Australia’s $2.3 trillion superannuation industry, already under intense scrutiny at the financial services royal commission, is also in treasurer Scott Morrison’s sights when it comes to fees and charges.
The federal budget looks to protect the super savings of young people by capping fees on low balances and “inactive” accounts as well as making insurance premiums opt in rather than default for people under 25.
Treasury estimates around six million super accounts, owned by four million members, are currently inactive.
Superannuation funds will also be banned from charging exit fees when a customer switches funds, although the reforms won’t come into effect for another 14 months, on July 1, 2019.
Exit fees cost account holders $52 million last financial year and the move is expected to save people an average of around $70.
The treasurer also wants the Australian Tax Office (AT0) to be “proactive” in returning lost and unclaimed superannuation to its owners and sent to active accounts.
At 30 June 2017, there were more than 6.3 million lost and ATO-held super accounts worth nearly $18 billion.

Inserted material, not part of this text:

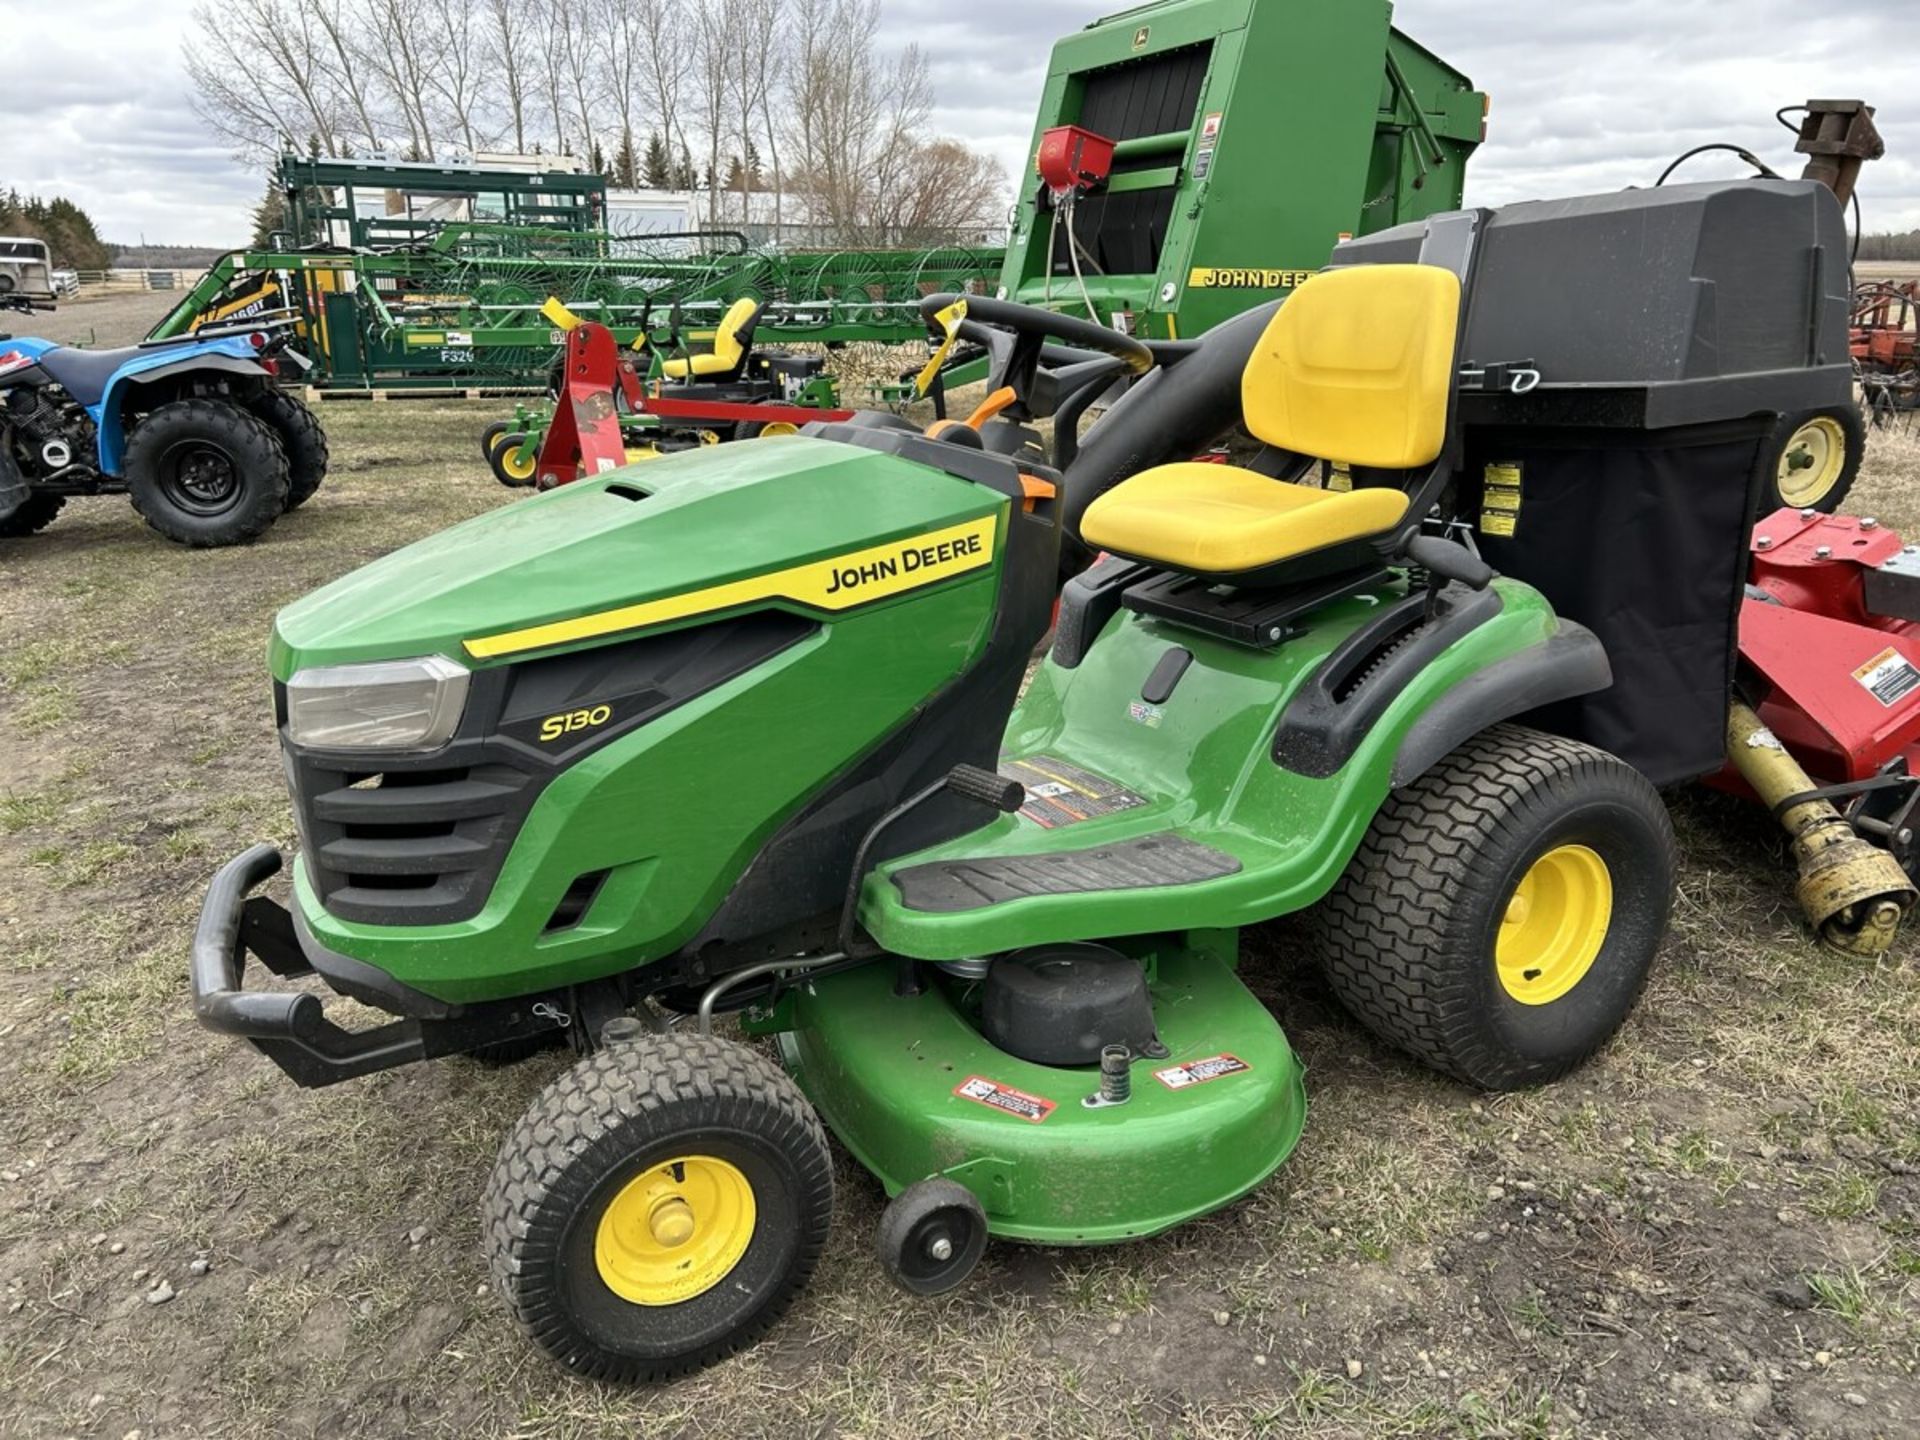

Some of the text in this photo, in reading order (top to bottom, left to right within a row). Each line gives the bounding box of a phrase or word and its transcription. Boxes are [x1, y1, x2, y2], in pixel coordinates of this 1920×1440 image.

[1205, 270, 1262, 288] JOHN
[826, 534, 982, 594] JOHN DEERE
[540, 704, 612, 742] S130

“We will stop superannuation funds from forcing young people under 25 or with low balances to pay for life insurance policies they have not asked for or do not need,” Morrison said in his budget speech.
Morrison’s proposal will see annual charges capped at a maximum of 3% for accounts with less than $6,000 in order to stop the balance being whittled down by management fees.

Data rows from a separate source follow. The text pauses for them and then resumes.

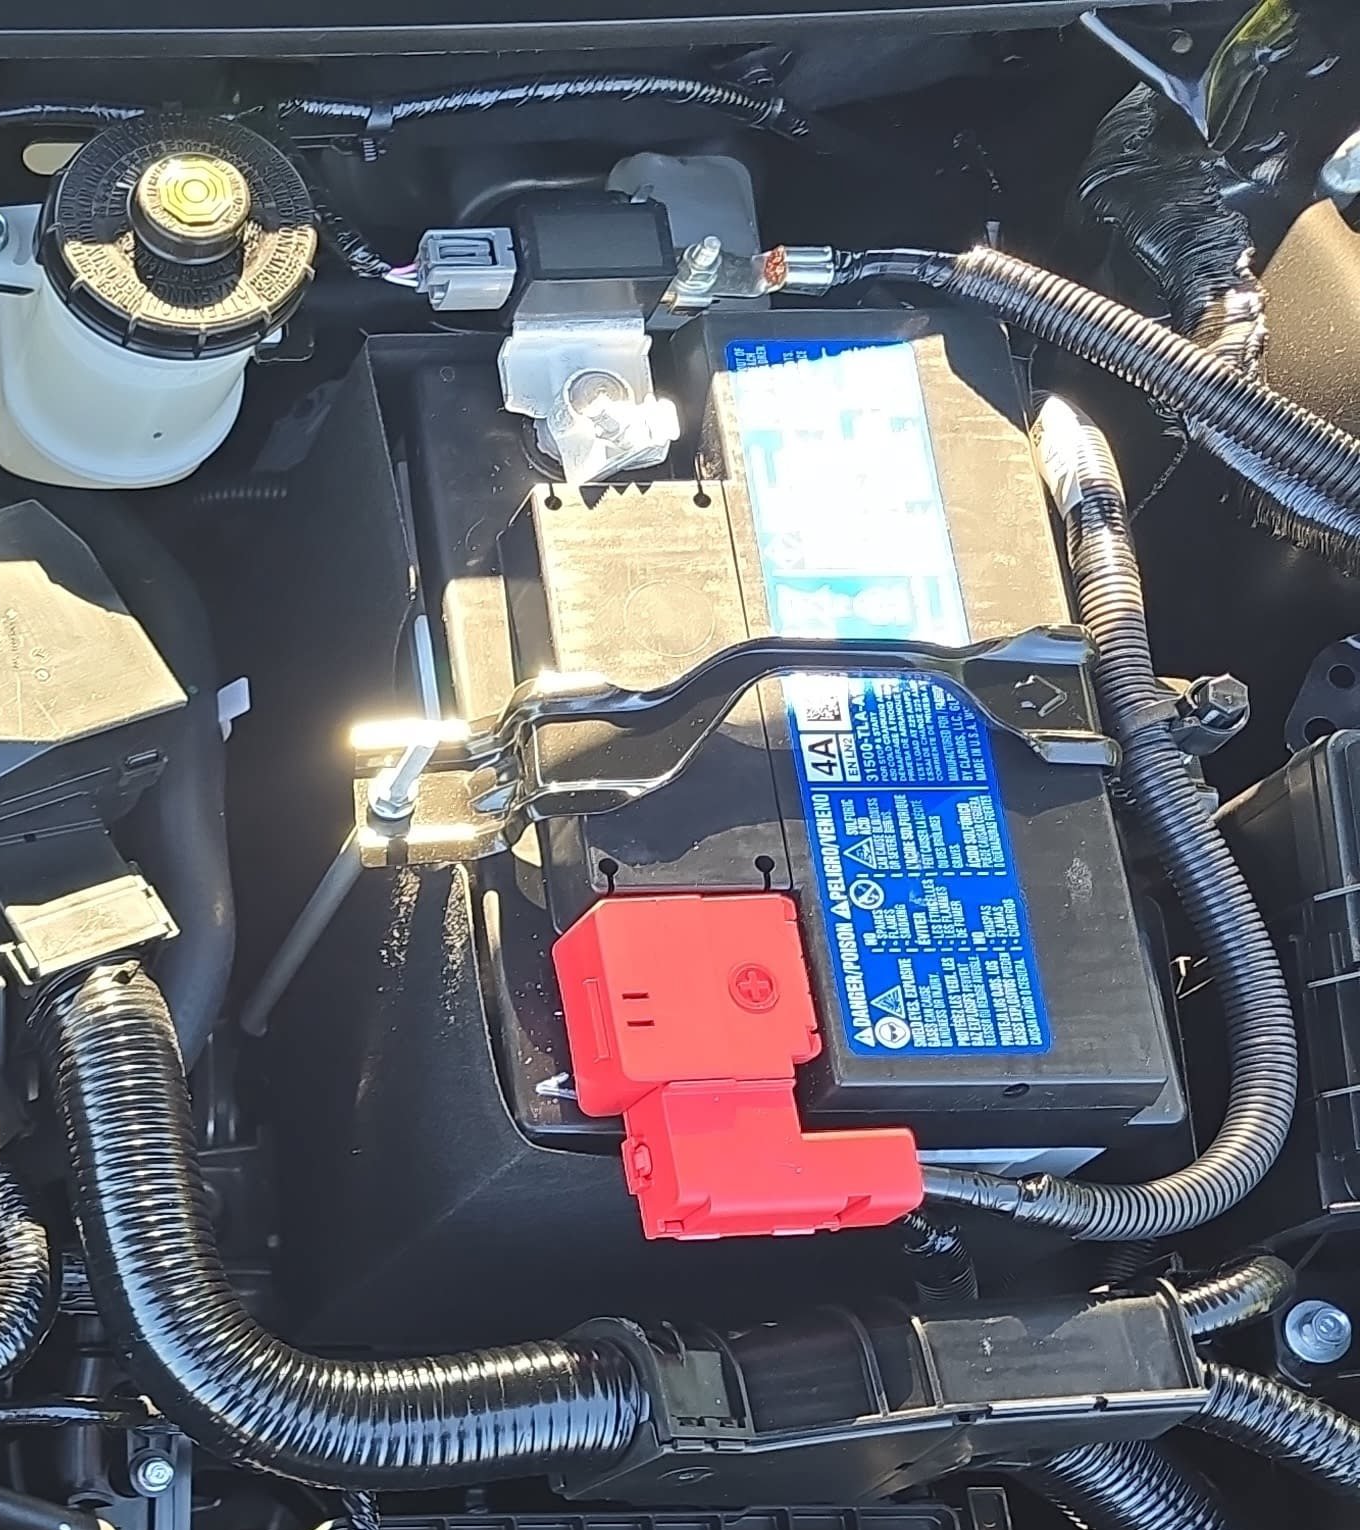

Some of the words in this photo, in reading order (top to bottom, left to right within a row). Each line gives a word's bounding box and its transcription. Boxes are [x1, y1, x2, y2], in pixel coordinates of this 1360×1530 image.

[149, 291, 252, 320] ATTENTION
[902, 691, 913, 713] AMPS
[868, 711, 881, 736] START
[915, 713, 929, 745] CHARGE
[926, 724, 935, 735] DE
[936, 715, 950, 728] FOR
[901, 738, 909, 748] DE
[909, 728, 918, 738] AT
[804, 737, 841, 775] 4A
[841, 737, 855, 758] LN2
[874, 744, 886, 764] STOP
[885, 745, 896, 767] COLD
[911, 740, 922, 760] LOAD
[921, 747, 930, 757] DE
[970, 747, 982, 756] IN
[846, 761, 859, 775] EN
[879, 765, 889, 781] FOR
[903, 750, 916, 781] PRUEBA
[915, 762, 926, 780] TEST
[961, 770, 973, 781] BY
[972, 758, 986, 780] MADE
[840, 798, 859, 835] SULFURIC
[856, 816, 872, 834] ACID
[893, 793, 914, 839] SULFURIQUE
[953, 802, 977, 843] SULFÚRICO
[811, 794, 847, 900] PELIGRO/VENENO
[872, 834, 887, 855] CAUSE
[901, 841, 919, 869] L'ACIDE
[961, 844, 981, 867] ÁCIDO
[875, 856, 889, 869] CAN
[935, 886, 953, 922] FLAMMES
[950, 900, 965, 926] FUMER
[871, 909, 888, 938] SPARKS
[883, 908, 900, 938] FLAMES
[894, 903, 911, 938] SMOKING
[909, 911, 931, 944] ÉVITER
[979, 905, 996, 937] CHISPAS
[991, 905, 1008, 937] FLAMAS
[1001, 898, 1021, 936] CIGARROS
[861, 932, 878, 945] NO
[930, 923, 944, 938] LES
[942, 923, 956, 937] LES
[955, 927, 968, 937] DE
[970, 931, 986, 944] NO
[835, 922, 871, 1026] DANGER/POISON
[940, 957, 956, 970] LES
[984, 960, 1000, 974] LOS
[897, 958, 918, 998] EXPLOSIVE
[987, 975, 1005, 997] OJOS.
[918, 985, 933, 1007] CAUSE
[946, 993, 963, 1008] LES
[992, 998, 1007, 1011] LOS
[905, 999, 922, 1020] EYES.
[922, 1008, 936, 1022] CAN
[961, 992, 981, 1030] EXPLOSIFS
[909, 1021, 927, 1047] SHIELD
[923, 1023, 941, 1047] GASES
[969, 1032, 985, 1045] GAZ
[994, 1012, 1014, 1045] PROTEJA
[1010, 1022, 1029, 1045] GASES
[1024, 1018, 1043, 1044] CAUSAR

The life insurance changes will mean a super member will have to opt to take out a policy if they’re under 25, have a balance below $6,000, or the account classified as “inactive” because it has not had a contribution for 13 months.
With young people frequently changing jobs and employers using their own preferred default super funds, the treasurer hopes to curve the lucrative skimming of multiple accounts by the super industry offering life insurance to millennials who don’t really need it.
ATO figures say nearly 15 million Australians have a super account and around 40% have more than one account – 25% have two, 9% have three and the remainder four or more.
But the ATO figures suggest that the changes proposed by Morrison don’t go far enough by only targetting young people, with the 36-50 age bracket the cohort with the highest level of multiple accounts.
For workers aged 18-25, 22.65% have two super accounts and 7.91% have three – below the national average. By aged 36 that figure climbs above 25% for two accounts and 20% for three.
On the upside, the ATO says that over the past four years, the percentage of people with three or more super accounts has steadily decreased.
The tax office will be handed increased powers to consolidate inactive accounts worth less than $6,000 and combine them with active accounts. Currently the owner has to search for lost funds and then apply to have them transferred.
The government expects the changes to superannuation will deliver $1.1 billion in budget savings over four years.